“Otra vez se acabó noviembre”, pensaba un día por estas fechas el médico investigador Boris Pérez. “De repente estamos en diciembre. Otra vez llega sin avisar”. Boris recordó los meses del año. También que fue el calendario romano el que cambió la división del año en diez meses por los doce meses actuales.
Cuando había diez meses, diciembre era el último. Su nombre, diciembre, proviene del número diez. Por alguna razón los romanos respetaron el nombre de los cuatro últimos meses, aunque los desplazaron de ubicación. El séptimo era septiembre, el octavo era octubre, el noveno era noviembre, y el diez, diciembre. Los nombres corresponden con los números que ocupaban antes de la modificación.

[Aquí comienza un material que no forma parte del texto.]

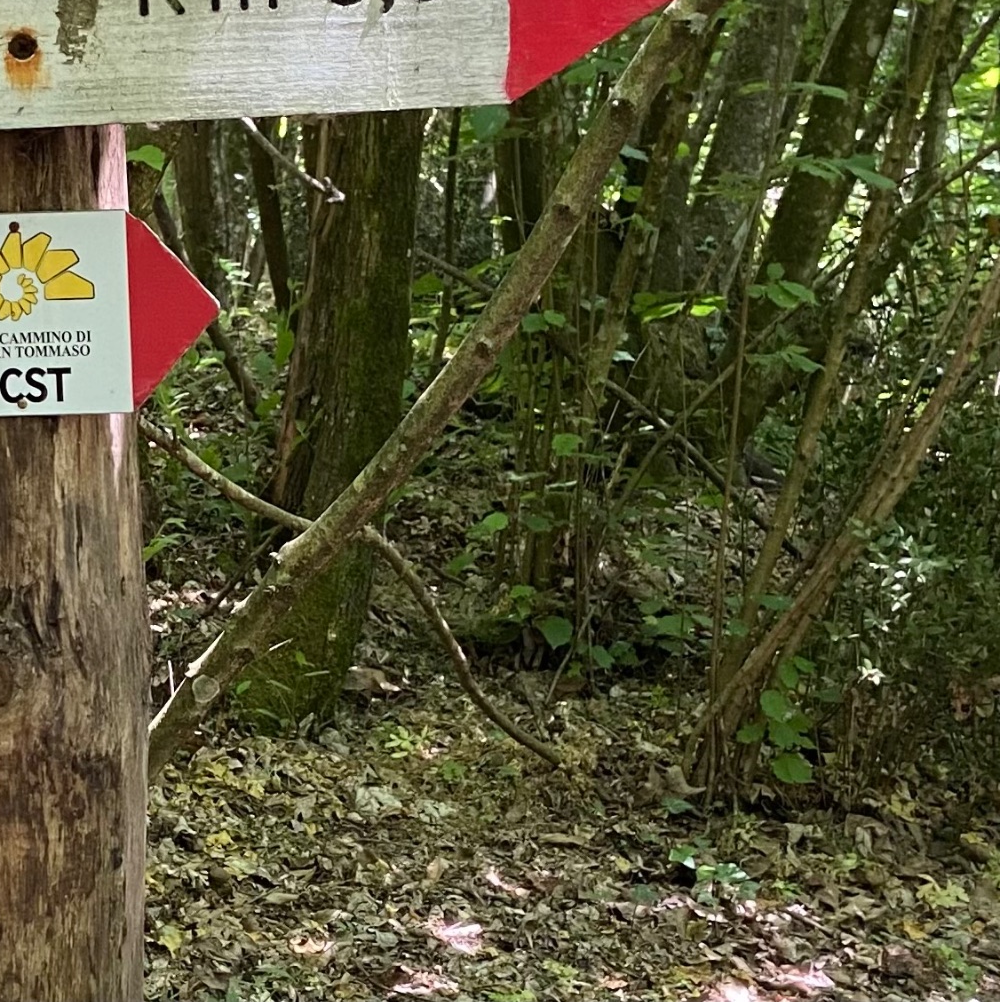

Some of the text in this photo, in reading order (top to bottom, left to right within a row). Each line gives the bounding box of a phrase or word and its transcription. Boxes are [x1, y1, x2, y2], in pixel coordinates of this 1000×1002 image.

El cambio incluyó los meses de julio y agosto. Julio por Julio César y agosto por el emperador Augusto. Sin embargo, a Boris le gustaban los motivos de los nombres de los seis primeros meses.
Enero se llamó así en honor del dios Jano, que era el protector de puertas y entradas. Así se comenzaba el cambio de año. Febrero, según algunas fuentes, se dedicó a Plutón, para que aplacase su ira. Boris pensó en cómo han cambiado las cosas. En la antigüedad a Plutón le ponían el nombre de un mes para que no se enfadara, y ahora se le quita hasta la categoría de planeta y que se enfade si quiere. Marzo se dedicó al dios Marte, porque la guerra siempre está presente en la historia de la humanidad. Abril, con la primavera, se dedicó a Venus, diosa de la fertilidad.
Pero los preferidos de Boris, a partir de las fuentes que consultó, eran los meses de mayo y junio. Mayo era el mes en el que se homenajeaba a los mayores. Las personas ancianas del pueblo, a quienes recurrir en busca de consejo y orientación, y en reconocimiento a sus experiencias. Junio era en homenaje a la juventud. Así el pasado y el futuro, de alguna manera, quedaban unidos cada año.
“Es cierto”, pensó Boris, “unir e incluso confundir”, porque la ilusión, las ganas de vivir, los sueños…, son cosas que no tienen edad.